Try it: A word-for-word copy of the entries is needed, and it should contain no images.

Records from a data source:
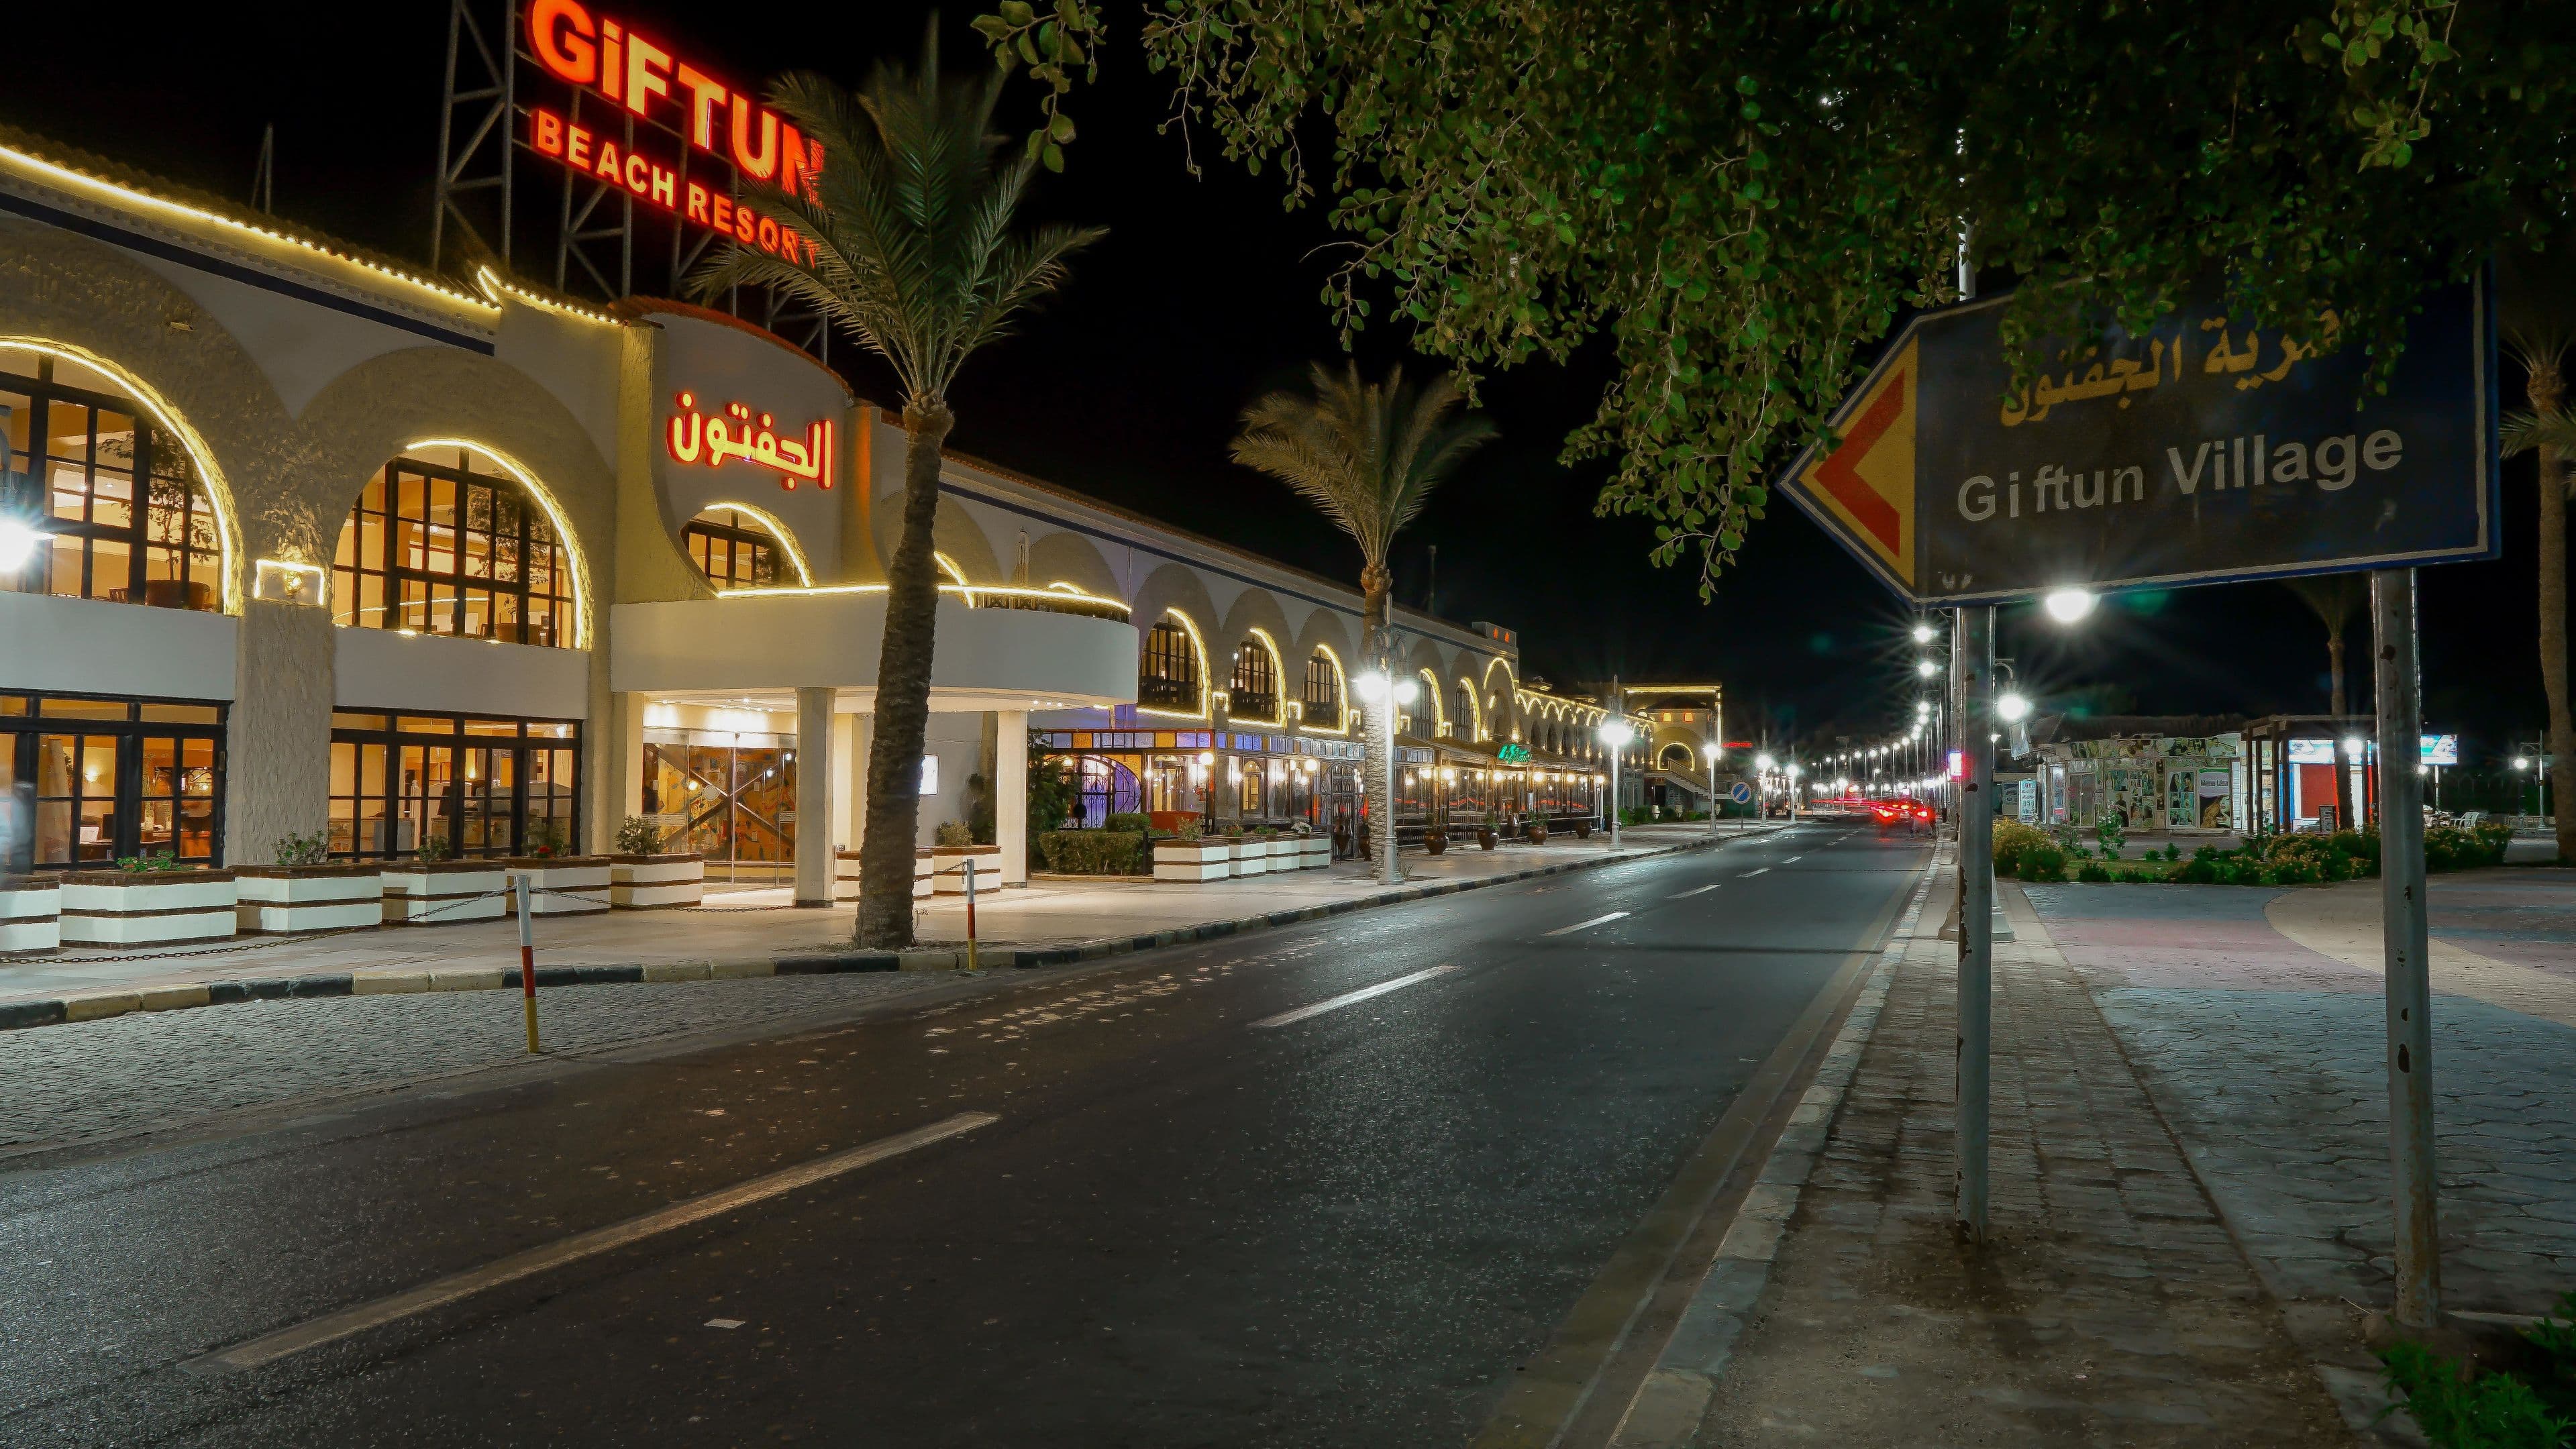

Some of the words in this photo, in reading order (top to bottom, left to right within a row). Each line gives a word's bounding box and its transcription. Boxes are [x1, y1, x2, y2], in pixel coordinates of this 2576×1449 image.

[536, 109, 675, 209] BEACH
[688, 182, 821, 268] RESORT
[667, 392, 834, 490] الجفتون
[2167, 429, 2403, 494] Village

Your solution:
Some of the words in this photo, in reading order (top to bottom, left to right within a row). Each line gives a word's bounding box and its transcription. Boxes are [x1, y1, x2, y2], in pixel coordinates of this 2576×1449 image.

[536, 109, 675, 209] BEACH
[688, 182, 821, 268] RESORT
[667, 392, 834, 490] الجفتون
[2167, 429, 2403, 494] Village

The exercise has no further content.